*Brief*. Write out every record below exactly, leaving the pictures out.

*Data for this exercise*.
*-*-*

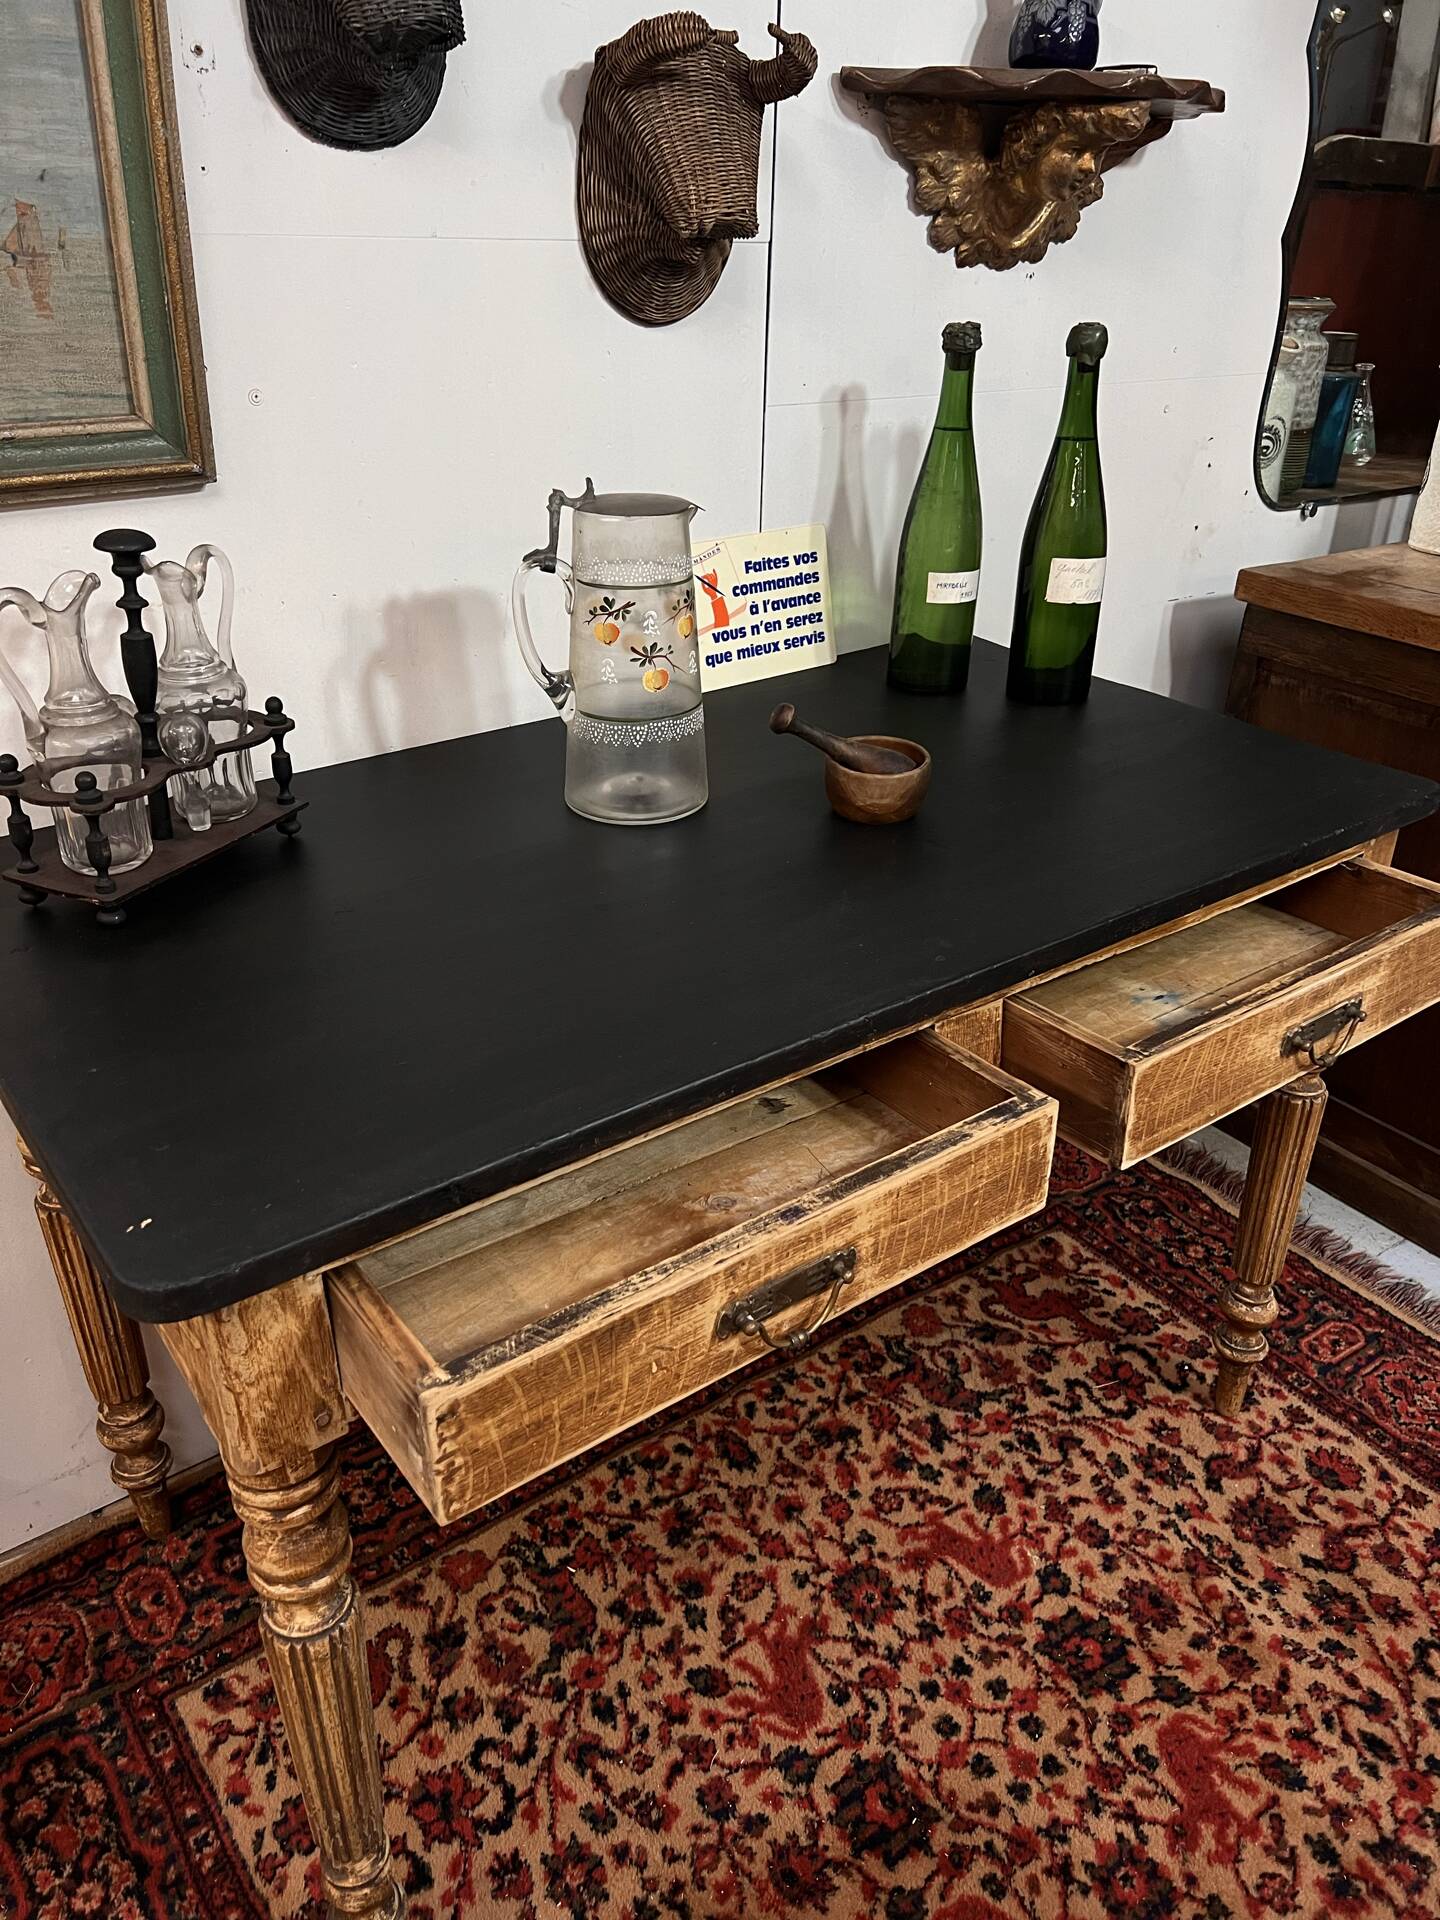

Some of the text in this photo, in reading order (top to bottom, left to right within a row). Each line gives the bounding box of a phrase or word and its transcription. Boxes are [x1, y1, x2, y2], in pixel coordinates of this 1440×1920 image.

[744, 551, 818, 574] Faites vos
[732, 571, 820, 597] commandes
[749, 591, 821, 616] à l'avance
[712, 611, 823, 644] vous n'en serez
[705, 631, 826, 668] que mieux servis
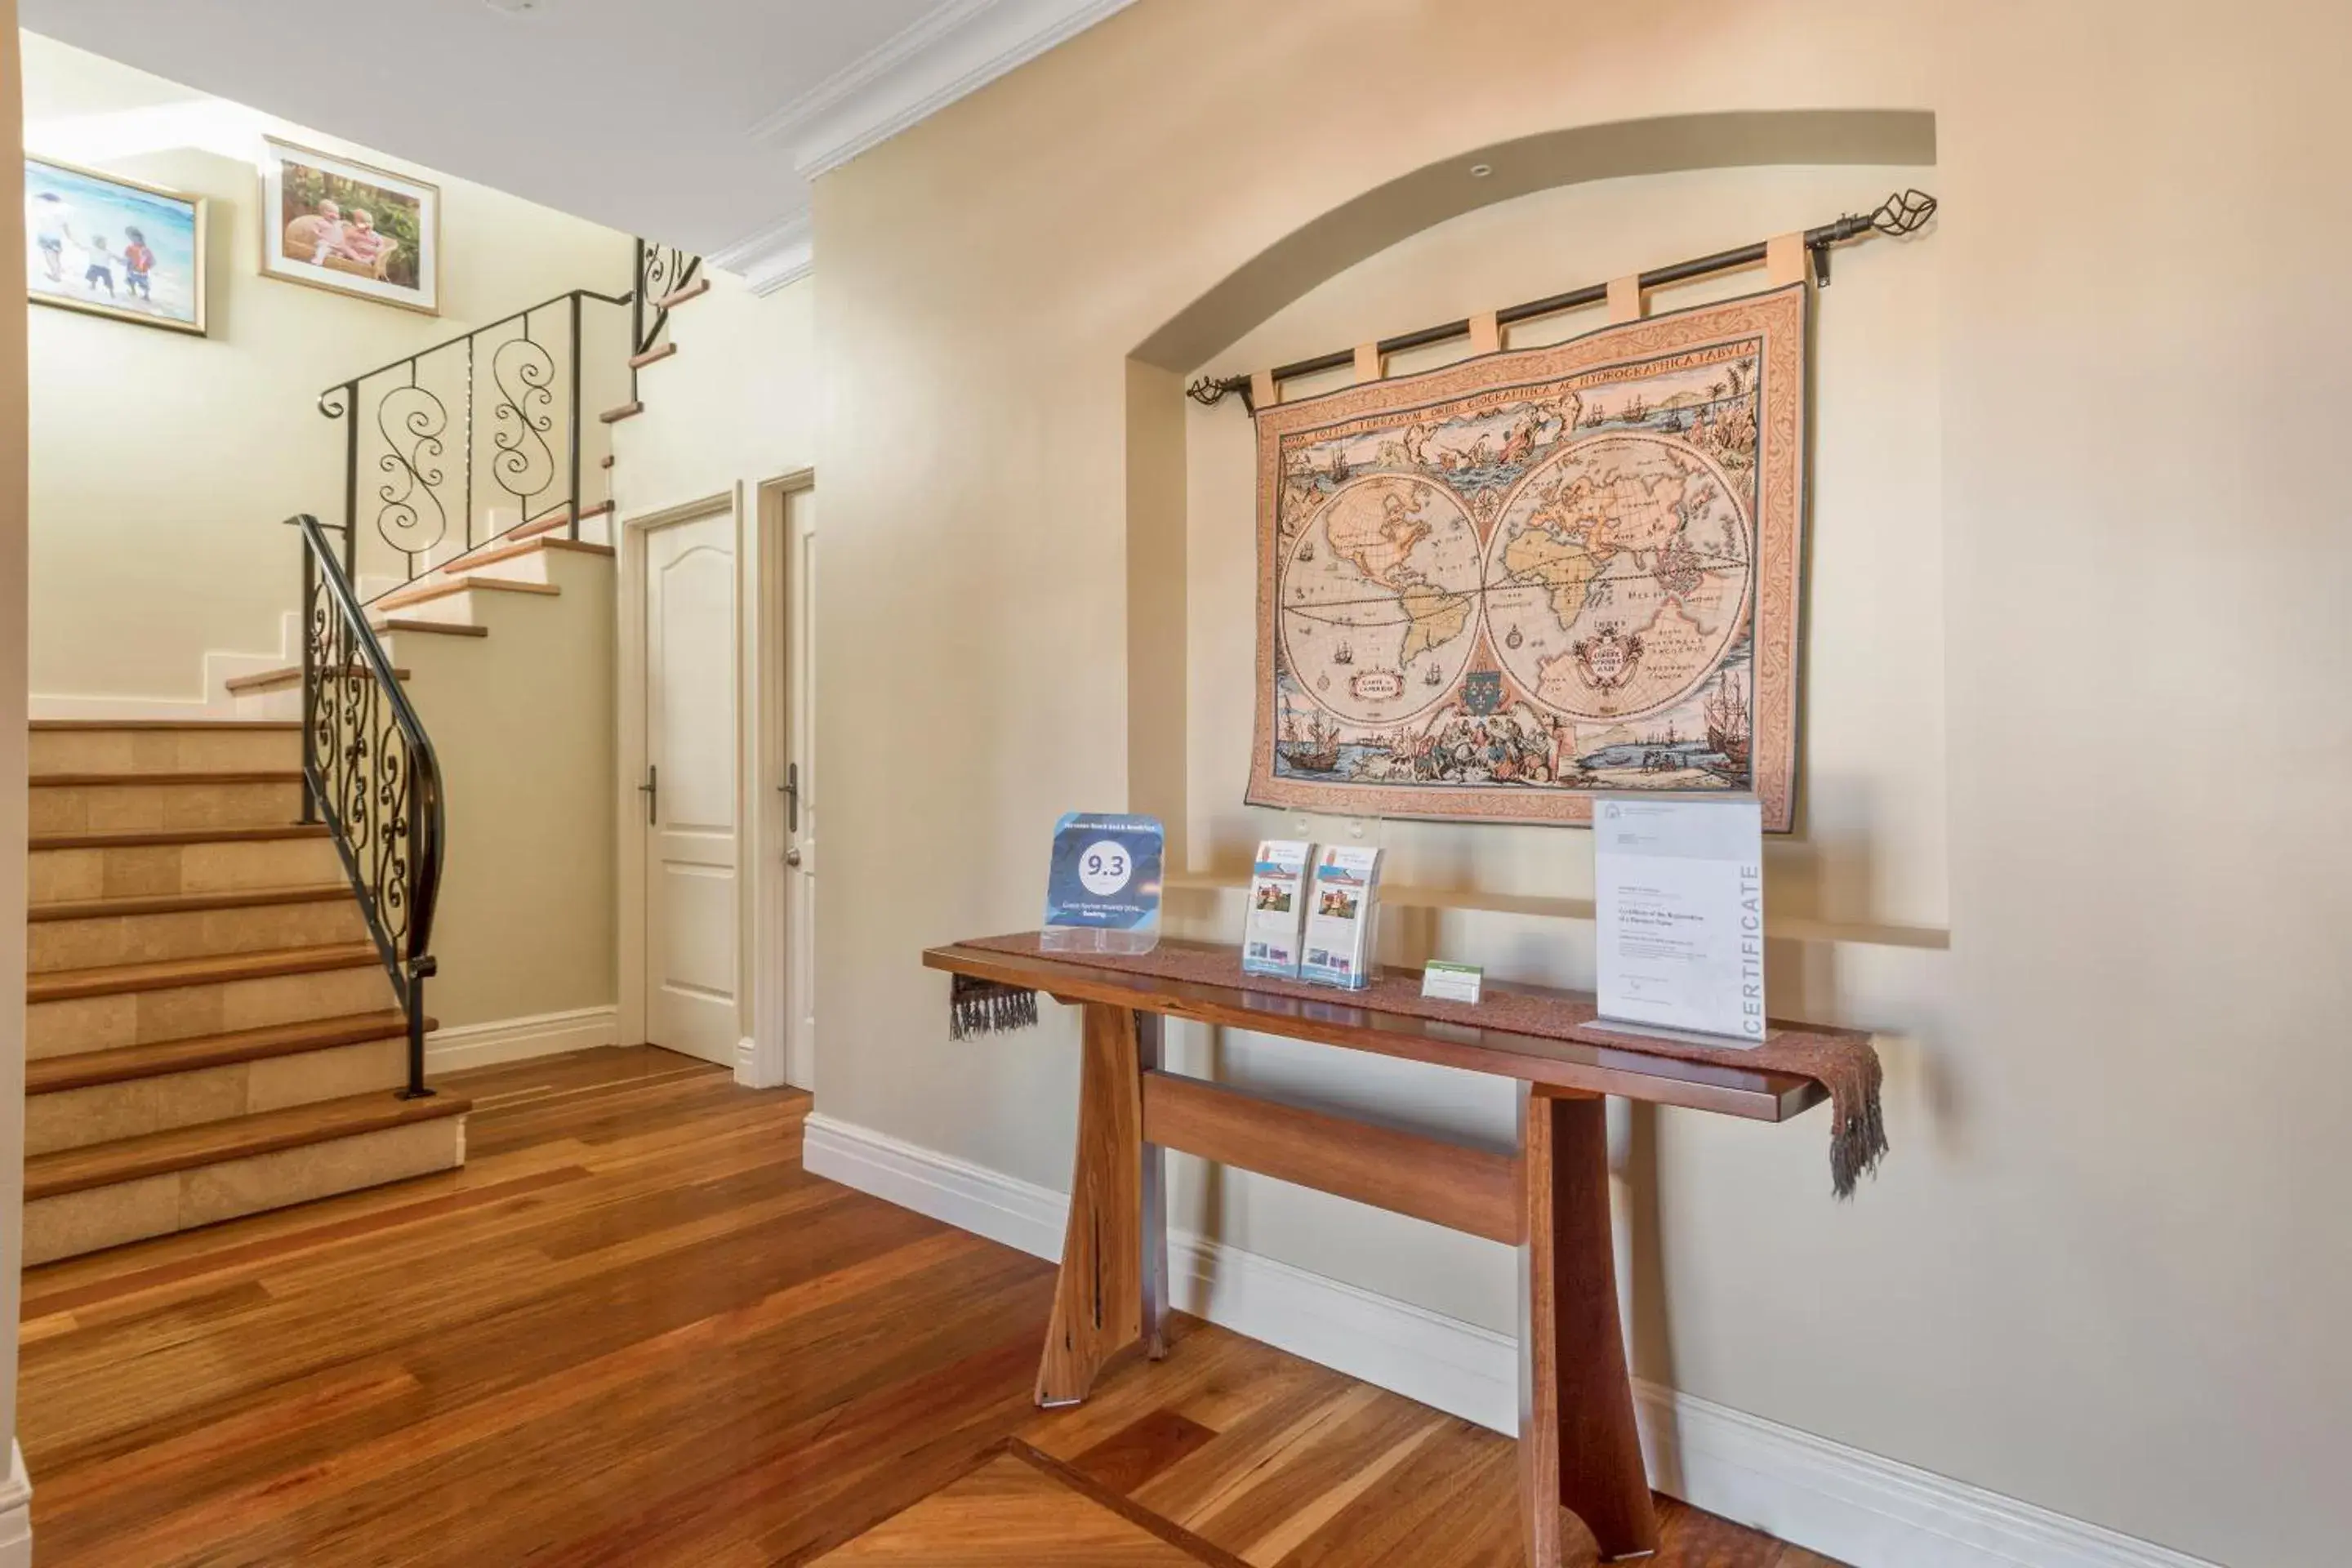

*-*-*

*Exercise solution*.
Some of the text in this photo, in reading order (top to bottom, left to right within a row). Each line gives the bounding box of a phrase or word and its transcription. Boxes are [x1, y1, x2, y2], in pixel coordinates of this 1440×1920 image.

[744, 551, 818, 574] Faites vos
[732, 571, 820, 597] commandes
[749, 591, 821, 616] à l'avance
[712, 611, 823, 644] vous n'en serez
[705, 631, 826, 668] que mieux servis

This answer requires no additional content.